At this point, the type is:

(lldb) fr v *type
(swift::Metadata) *type = (Kind = 2929167701780)

and vw is

(lldb) fr v -L *vw
0x000002aa000016f8: (const swift::ValueWitnessTable) *vw = {
0x000002aa000016f8:   initializeBufferWithCopyOfBuffer = 0xebbff0580024a7fb
0x000002aa00001700:   destroy = 0xff60b90400bfc0e5
0x000002aa00001708:   initializeWithCopy = 0xffffffd7ebbfb0f8
0x000002aa00001710:   assignWithCopy = 0x000407feebbff058
0x000002aa00001718:   initializeWithTake = 0x0024a7fbff58b904
0x000002aa00001720:   assignWithTake = 0x00bfb904000ac010
0x000002aa00001728:   initializeBufferWithTakeOfBuffer = 0x00002b3541201008
0x000002aa00001730:   getEnumTagSinglePayload = 0xc03000002adce300
0x000002aa00001738:   storeEnumTagSinglePayload = 0xb0a00024c0e5ffff
0x000002aa00001740:   size = 18206623652139499524
0x000002aa00001748:   flags = {
0x000002aa00001748:     Data = 575905532951392344
  }
0x000002aa00001750:   stride = 10317799924218116
}

It seems that the type and valueWitnesses are both corrupted .

The TraceStack is

(lldb) bt
* thread #1, name = 'cast2', stop reason = step over
  * frame #0: 0x000003fffdd24ea4 libswiftCore.so`_getErrorAllocatedSizeAndAlignmentMask(type=0x000002aa00006ce8) at ErrorObjectNative.cpp:38
    frame #1: 0x000003fffdd24d4a libswiftCore.so`swift_allocError(type=0x000002aa00006ce8, errorConformance=0x0000000000000000, initialValue=0x000003ff00000000, isTake=true) at ErrorObjectNative.cpp:73
    frame #2: 0x000002aa00001880 cast2`closure #1 in (p=0x000003fffffff1e0, $error=(instance_type = 0x0000000000000000)) at cast2.swift:11
    frame #3: 0x000002aa000018f6 cast2`thunk for @callee_guaranteed (@inout UnsafeMutableBufferPointer<Int>) -> (@error @owned Error) at cast2.swift:0
    frame #4: 0x000002aa00001a1c cast2`partial apply for thunk for @callee_guaranteed (@inout UnsafeMutableBufferPointer<Int>) -> (@error @owned Error) at cast2.swift:0
    frame #5: 0x000003fffd8697de libswiftCore.so`Array.withUnsafeMutableBufferPointer<A>(body=0x000002aa000019c0 cast2`partial apply forwarder for reabstraction thunk helper from @callee_guaranteed (@inout Swift.UnsafeMutableBufferPointer<Swift.Int>) -> (@error @owned Swift.Error) to @callee_guaranteed (@inout Swift.UnsafeMutableBufferPointer<Swift.Int>) -> (@out (), @error @owned Swift.Error) at cast2.swift, self=0x000002aa00007200, $error=(instance_type = 0x0000000000000000)) at Arrays.swift:4154
    frame #6: 0x000002aa00001610 cast2`main at cast2.swift:7
    frame #7: 0x000003fffd0a2ece libc.so.6`__libc_start_main + 270

It is not able to find how and where the type comes from.
Do you have any ideas on type comes from and the root reason of the errors?
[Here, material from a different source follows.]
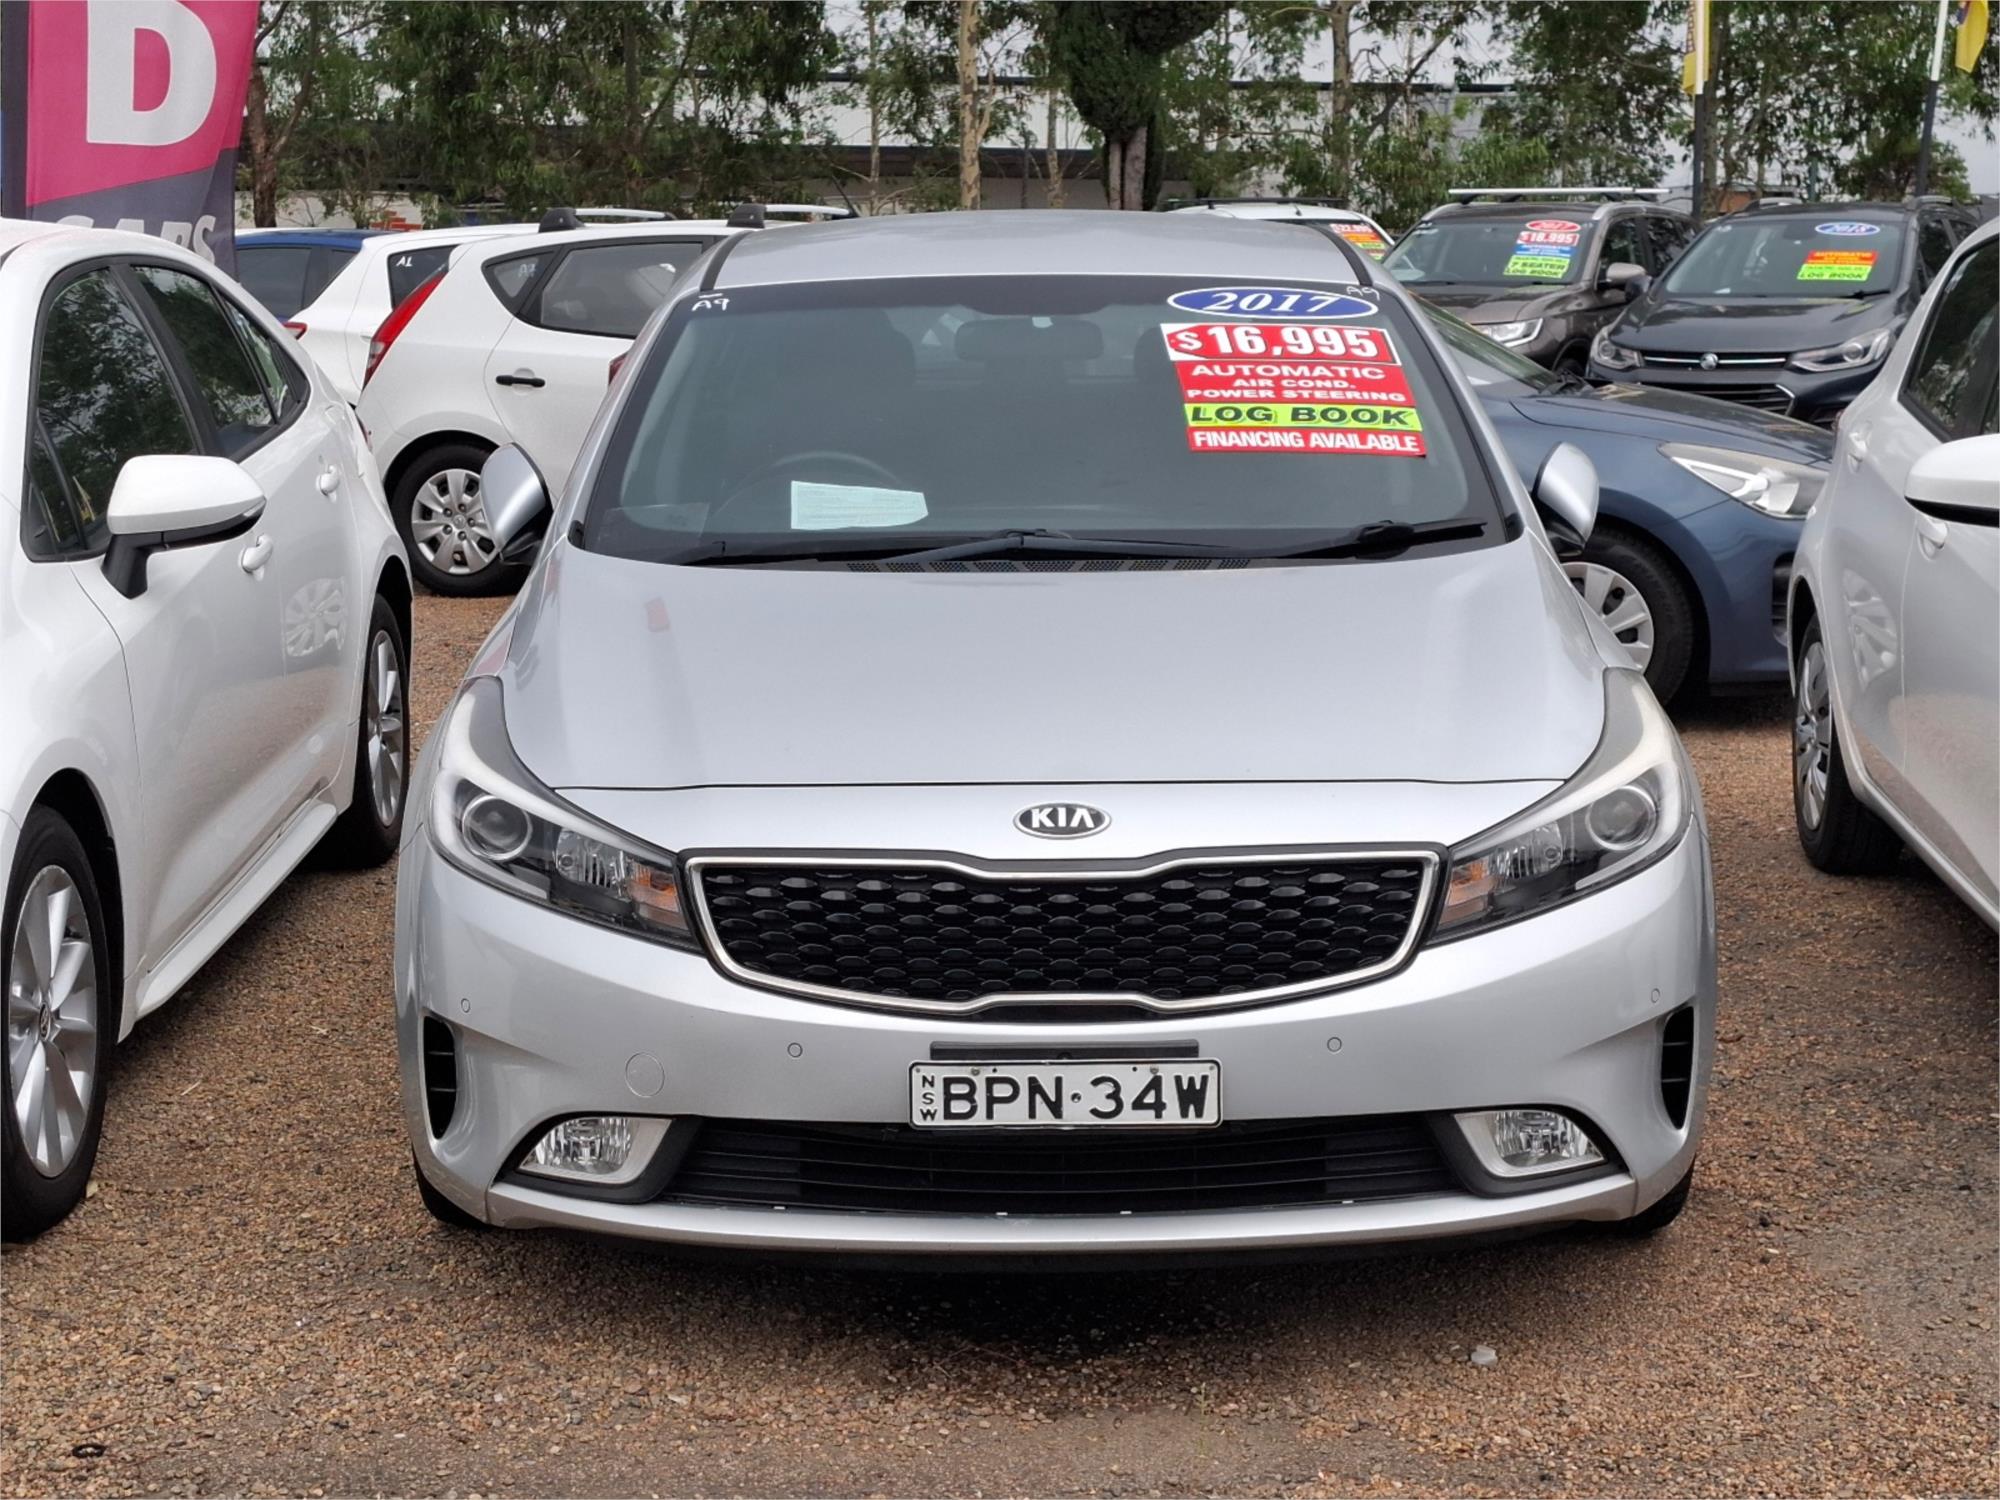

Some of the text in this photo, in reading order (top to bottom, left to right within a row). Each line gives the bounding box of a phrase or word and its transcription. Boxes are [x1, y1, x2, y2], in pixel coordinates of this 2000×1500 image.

By the way, on x86_64, the type is

(lldb) fr v *type
(swift::Metadata) *type = (Kind = 2)

and works fine.

Thanks,

Sam

You pretty much have no choice but to backtrack and figure out where type is coming from, because yeah, it doesn't look like it's a valid type-metadata object at all.

Thanks @John_McCall
In fact, from the TraceStack shown above, the frame #1 (ErrorObjectNative.cpp:73) directly goes back to
the sample swift code (frame #2):

   8          p[0] = 4
   9          p[1] = 5
   10
-> 11         throw SillyError.JazzHands
   12       }
   13     } catch {}

Seems that there should be some code between the 2 frames, but how can I find it?

Thanks,

  1. Check whether the type metadata is valid when the swiftc-generated code calls the runtime. (The generated code can't be directly calling _getErrorAllocatedSizeAndAlignmentMask, because that function is static in the runtime.)

  2. Assuming it isn't, figure out where it's coming from in the generated code. You will need to ask your debugger to show disassembly for that code, and probably to step through it instruction by instruction.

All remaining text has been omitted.